One of the more disturbing aspects of teaching mythology is seeing undergraduates continually confusing mythology and history. This is not fine-tuning, the dial has broken off completely. I am astonished to learn that Heracles and Theseus really rescued (and sometimes violated) damsels in distress. Yet, on the first day of class, before the roster has been read aloud I could smell the alcohol in the air. A semester of dispelling myths lay ahead. “Kristensen [the Danish scientist] said it was important that the myth undergo scientific scrutiny to prevent students wasting their time experimenting with this activity,” according to Thomas Maugh. I wonder if it might not be best to keep the “mythology” alive – undergrads might well benefit from pouring the alcohol into their shoes rather than into their mouths.

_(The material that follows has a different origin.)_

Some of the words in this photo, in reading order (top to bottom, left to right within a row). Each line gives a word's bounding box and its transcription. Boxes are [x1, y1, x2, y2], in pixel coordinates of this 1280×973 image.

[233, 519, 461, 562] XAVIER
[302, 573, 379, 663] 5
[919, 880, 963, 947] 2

A book undergrads might actually read

2 thoughts on “Dispelling Myths

  1. The very Arrogant...Henk van der Gaast

    You’ll have to just put up with it.. If you don’t have students that place a scotch near your lectern (anonymously of course) you’ll never get your feet wet with the guys..

    It brings back many happy memories of our great academic staff in the under graduate days..

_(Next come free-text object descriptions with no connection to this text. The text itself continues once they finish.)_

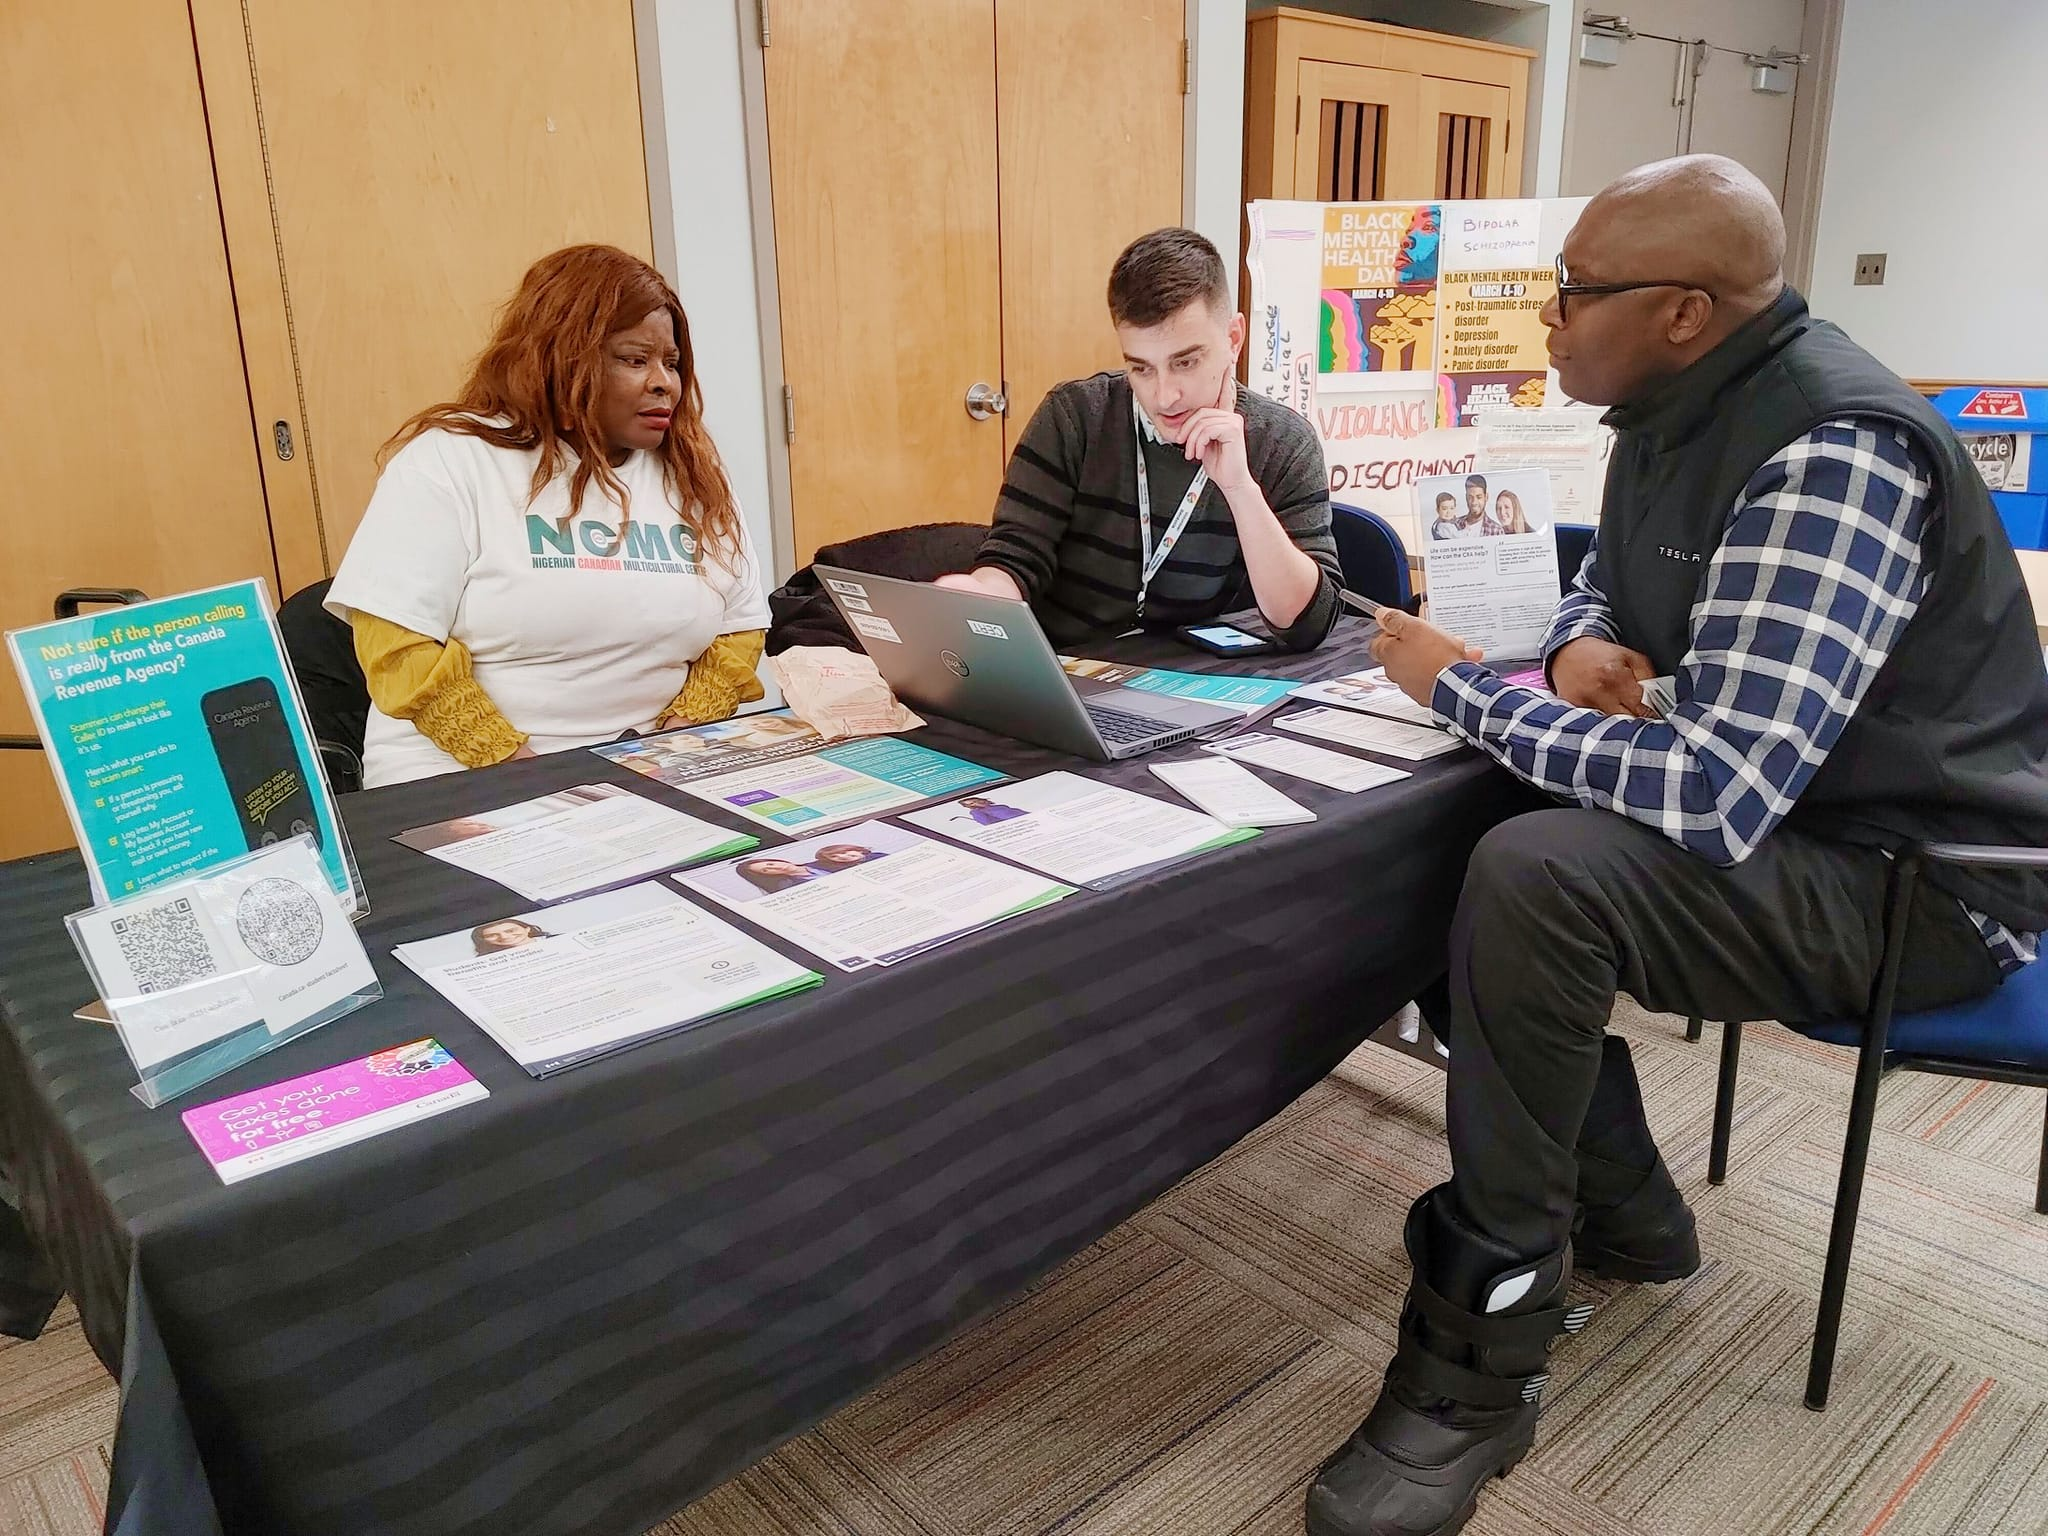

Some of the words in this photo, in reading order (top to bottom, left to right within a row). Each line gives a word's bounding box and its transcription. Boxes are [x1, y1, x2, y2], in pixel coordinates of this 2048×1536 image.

[1341, 212, 1405, 230] BLACK
[1323, 231, 1401, 249] MENTAL
[1323, 249, 1398, 266] HEALTH
[1358, 267, 1396, 284] DAY
[1444, 273, 1469, 283] BLACK
[1471, 272, 1500, 282] MENTAL
[1501, 271, 1529, 281] HEALTH
[1531, 271, 1554, 281] WEEK
[1471, 285, 1502, 298] MARCH
[1503, 284, 1524, 297] 4-10
[1519, 299, 1544, 310] stres
[1455, 315, 1489, 326] disorder
[1454, 330, 1498, 342] Depression
[1453, 345, 1482, 357] Anxiety
[1484, 343, 1518, 354] disorder
[1452, 360, 1473, 371] Panic
[1475, 358, 1509, 370] disorder
[1471, 384, 1509, 395] BLACK
[1317, 400, 1430, 440] VIOLENCE
[1330, 454, 1475, 492] DISCRIMINAT
[525, 514, 704, 563] NCMC
[1659, 546, 1701, 562] TESLA
[532, 556, 576, 569] NIGERIAN
[577, 558, 622, 571] CANADIAN
[623, 560, 685, 574] MULTICULTURAL
[41, 644, 74, 661] Not
[78, 638, 110, 652] sure
[112, 631, 125, 644] if
[126, 627, 151, 642] the
[154, 615, 201, 638] person
[204, 605, 245, 623] calling
[49, 667, 63, 681] is
[68, 656, 107, 677] really
[109, 648, 146, 665] from
[149, 641, 173, 655] the
[175, 626, 226, 648] Canada
[55, 674, 122, 701] Revenue
[126, 655, 186, 683] Agency?
[70, 718, 109, 733] Scammers
[109, 713, 123, 721] can
[124, 706, 150, 717] change
[215, 710, 242, 723] Canada
[242, 701, 271, 714] Revenue
[97, 729, 106, 737] ID
[107, 726, 116, 734] to
[117, 721, 137, 731] make
[144, 713, 160, 722] look
[234, 715, 260, 728] Agency
[809, 735, 826, 744] PO
[111, 759, 130, 770] what
[130, 754, 145, 765] you
[144, 751, 157, 759] can
[158, 746, 168, 754] do
[168, 743, 177, 751] to
[680, 755, 768, 777] PERSONNES
[768, 740, 826, 758] HANDICA
[121, 788, 144, 802] person
[245, 787, 264, 803] LISTEN
[263, 781, 272, 790] TO
[273, 771, 288, 784] YOUR
[247, 795, 266, 810] VOICE
[264, 789, 273, 797] OF
[273, 773, 296, 792] REASON
[112, 805, 120, 813] or
[251, 800, 271, 818] BEFORE
[272, 790, 284, 801] YOU
[218, 1101, 267, 1121] Get
[273, 1083, 325, 1106] your
[224, 1107, 290, 1132] taxes
[297, 1085, 361, 1110] done
[229, 1125, 265, 1143] for
[271, 1109, 330, 1130] free.

    We thought they were legends and they responded. Maybe the lecture has become sterile.

    I must have been very lucky to be with a bunch of really great guys who weren’t too stupid to work out.. EtOH is almost free.. “who is going to pay for the arabic sweets?”.

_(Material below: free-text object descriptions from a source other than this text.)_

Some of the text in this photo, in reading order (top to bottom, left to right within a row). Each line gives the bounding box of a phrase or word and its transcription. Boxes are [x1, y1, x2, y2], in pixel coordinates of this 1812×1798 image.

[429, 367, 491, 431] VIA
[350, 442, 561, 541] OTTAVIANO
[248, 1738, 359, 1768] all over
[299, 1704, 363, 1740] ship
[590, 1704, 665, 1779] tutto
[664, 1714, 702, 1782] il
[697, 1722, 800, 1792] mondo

    In my Chem and Physics days, learning and learning to learn was upmost and… at UTS, those guys really rocked!

    Those guys told us that we did too.

    PS you dont need a grant for a vodka party. Chemically speaking, you just make your own and..(the fun part) recycle.

    PPS… if it was me? 4 litres of big time alcohol can be distilled from hobby or kitchen scaps in the fridge.. no grant, no permission and no funding.

    Really, why is it called violating anyway. Hasn’t the mythology department caught up with reciprocal desire yet? The chemistry department needn’t explain violation!

    Steve, I think I need to lecture you on reciprocal respect. The kids need to let of steam in a fun paper or activity. Dont go as far as golden calf tho! Uni days are the best in our lives, these kids bleed pracs, assignments and exams and the face of the human leturer gives them desire to perform. Giving them an aspiration (you) sometimes isnt enough.

    Marlene Dietrich said..next!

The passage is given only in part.